- **Task objective**: Apart from the pictures, every entry below should be repeated exactly.

(Spatial localization data)
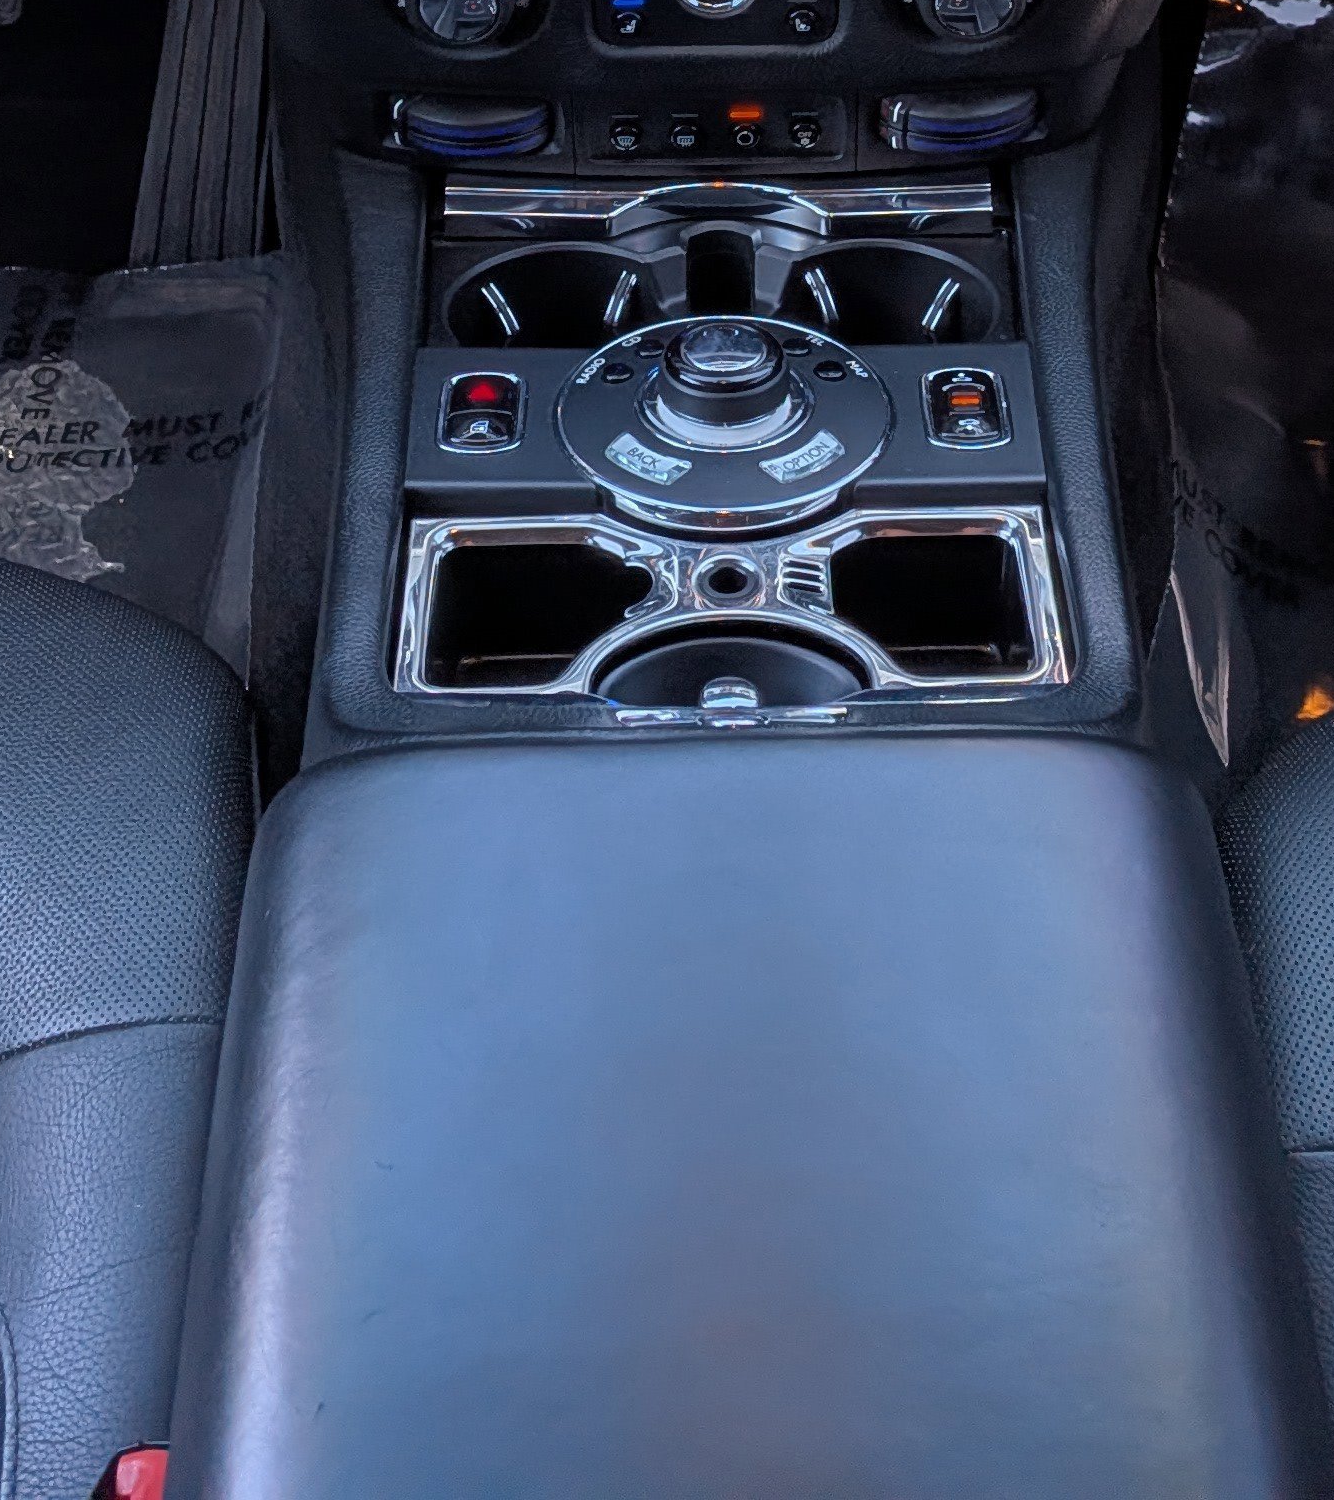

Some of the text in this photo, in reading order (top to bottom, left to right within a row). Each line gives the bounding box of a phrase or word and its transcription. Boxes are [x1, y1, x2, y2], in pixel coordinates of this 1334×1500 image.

[621, 335, 642, 348] CD
[804, 334, 824, 348] TEL
[575, 357, 606, 385] RADIO
[122, 409, 224, 438] MUST
[627, 446, 661, 470] BACK
[781, 440, 829, 471] OPTION
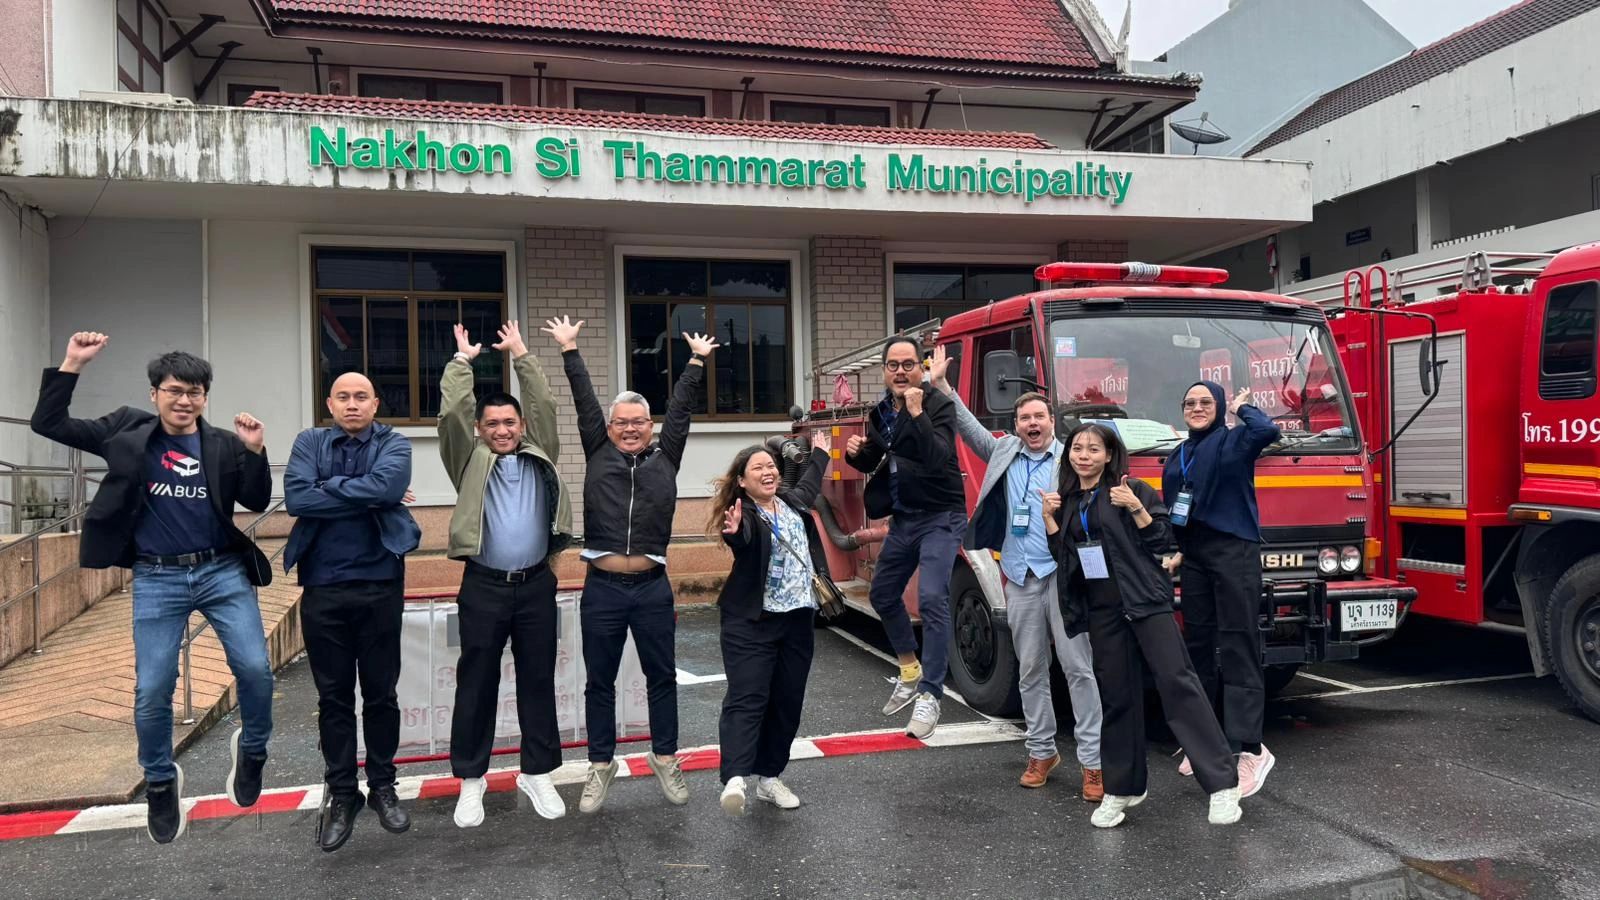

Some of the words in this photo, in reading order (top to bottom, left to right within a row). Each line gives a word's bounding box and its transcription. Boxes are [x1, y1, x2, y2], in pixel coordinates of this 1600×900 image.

[310, 126, 513, 175] Nakhon
[535, 137, 581, 179] Si
[603, 140, 866, 189] Thammarat
[888, 153, 1133, 205] Municipality
[1369, 603, 1395, 618] 1139

- **Task output**:
Some of the text in this photo, in reading order (top to bottom, left to right within a row). Each line gives the bounding box of a phrase or word and its transcription. Boxes are [x1, y1, x2, y2], in pixel coordinates of this 1334×1500 image.

[621, 335, 642, 348] CD
[804, 334, 824, 348] TEL
[575, 357, 606, 385] RADIO
[122, 409, 224, 438] MUST
[627, 446, 661, 470] BACK
[781, 440, 829, 471] OPTION

Some of the words in this photo, in reading order (top to bottom, left to right within a row). Each line gives a word's bounding box and its transcription. Boxes are [x1, y1, x2, y2], in pixel coordinates of this 1600×900 image.

[310, 126, 513, 175] Nakhon
[535, 137, 581, 179] Si
[603, 140, 866, 189] Thammarat
[888, 153, 1133, 205] Municipality
[1369, 603, 1395, 618] 1139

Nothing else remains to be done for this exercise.